Per quanto riguarda l’Internet delle cose, ci sono alcuni accorgimenti che si possono adottare subito per rendere i nostri dispositivi e le nostre case più sicure: controllare sempre i settings della privacy del telefonino, comprese la geolocalizzazione e i cookies, i contatti, il bluetooth, il microfono, e impostare il tutto in modo che ogni applicazione ci chieda sempre cosa vuoi fare prima di avviarla. Perchè “…il problema non è se saremo attaccati, ma semplicemente quando”.
Mentre aspettiamo che accada, almeno facciamo il backup dei nostri dati e magari applichiamo qualche cura minima per il nostro telefono, come indicato da Giovanni Battista Gallus.
Buone pratiche che valgono soprattutto per Android, che ormai costituisce circa l’80% degli smartphone, e che vanno dalla scelta delle app fino alla decisione radicale di F-Droid, il software libero.

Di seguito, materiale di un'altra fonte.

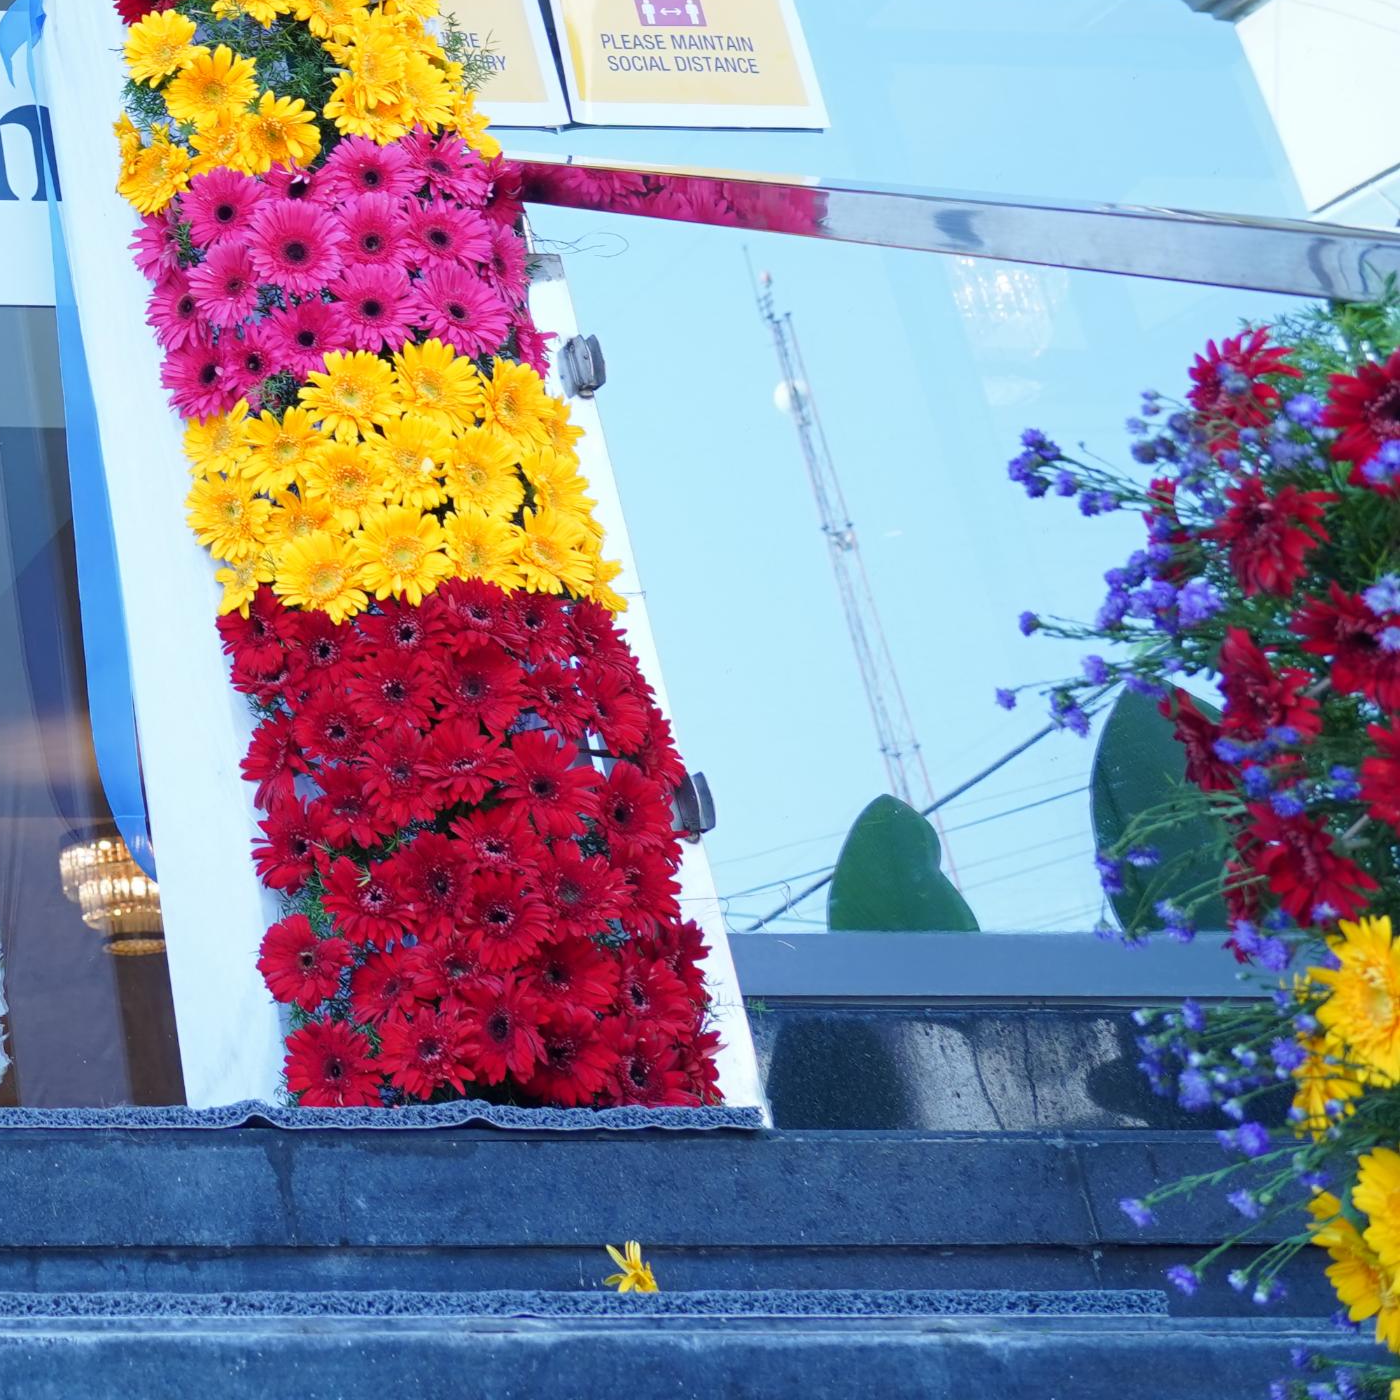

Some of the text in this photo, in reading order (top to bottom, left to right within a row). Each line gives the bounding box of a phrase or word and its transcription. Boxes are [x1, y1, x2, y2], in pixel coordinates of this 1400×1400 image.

[600, 32, 754, 52] PLEASE MAINTAIN
[607, 55, 760, 74] SOCIAL DISTANCE
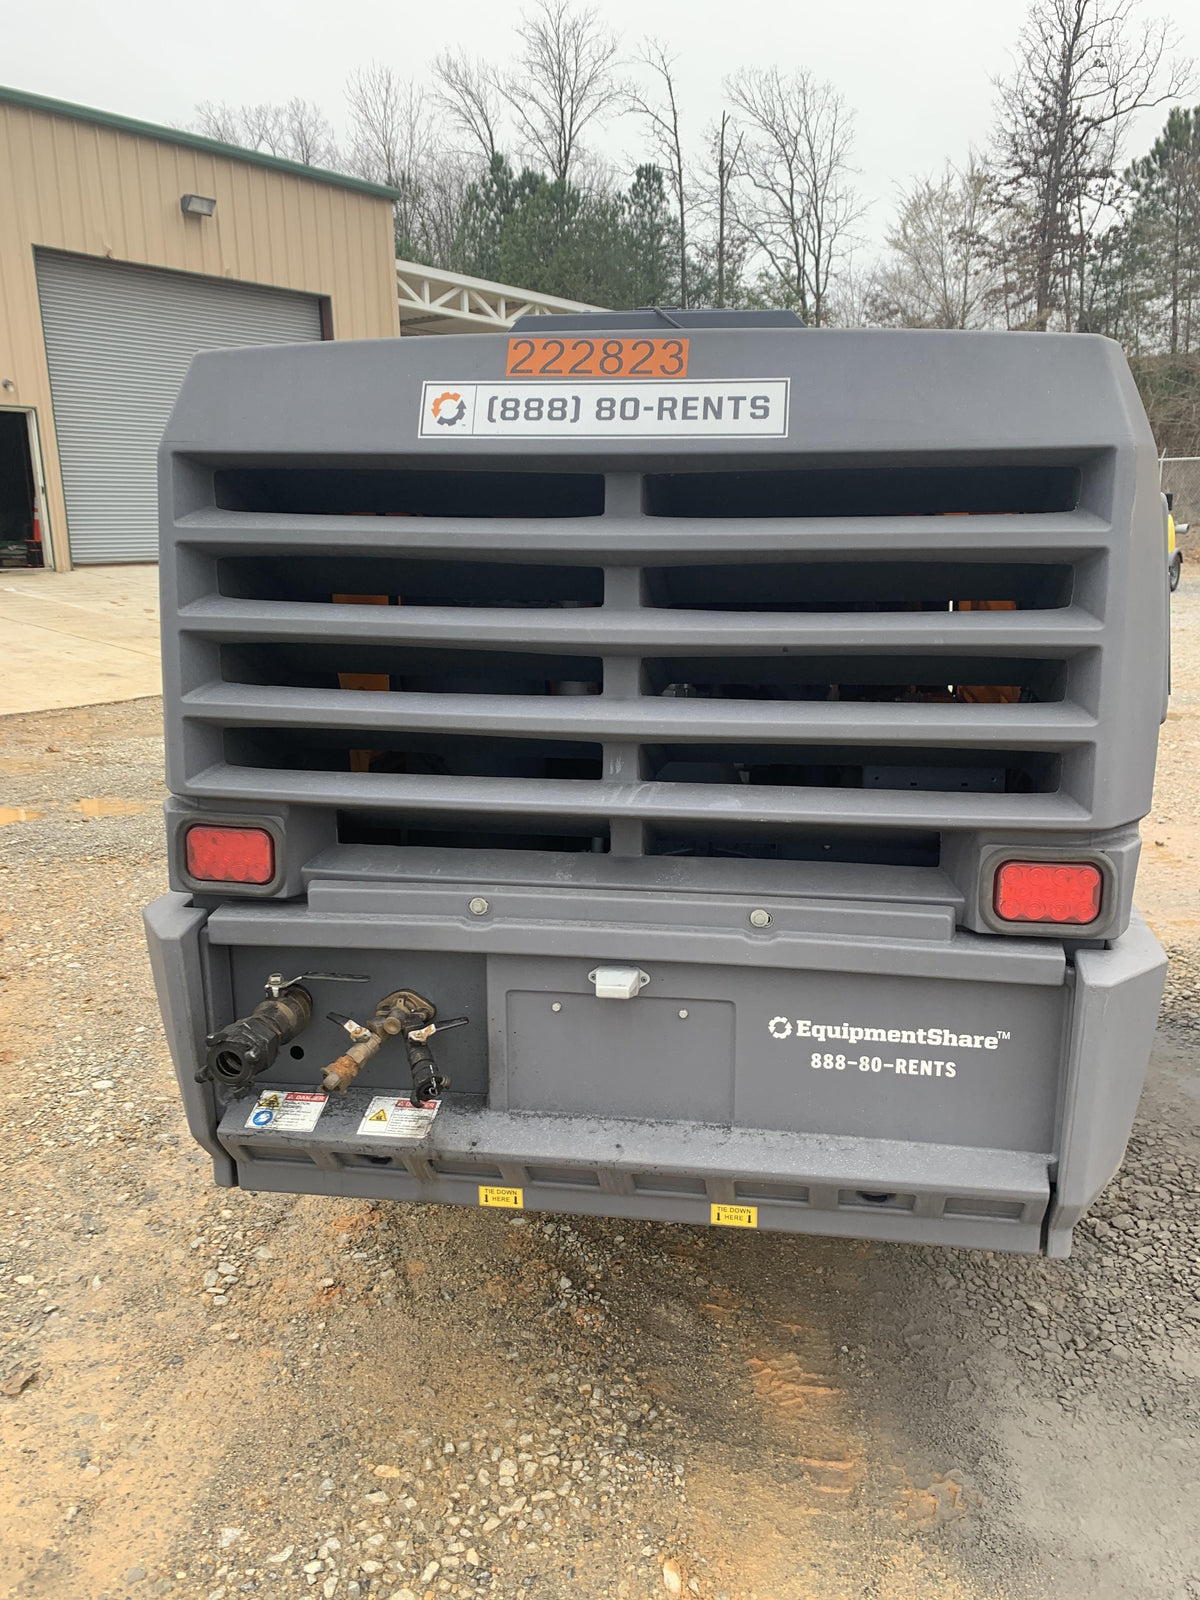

Tutto nell’ottica di una maggiore libertà personale e privacy, della possibilità di non essere continuamente individuati, profilati, geolocalizzati e chi più ne ha più ne metta.
I primi mesi del 2016 hanno visto un vertiginoso aumento degli attacchi “ransomware”, la nuova frontiera della rapina non fisica ma basata, appunto, sul meccanismo del “riscatto”.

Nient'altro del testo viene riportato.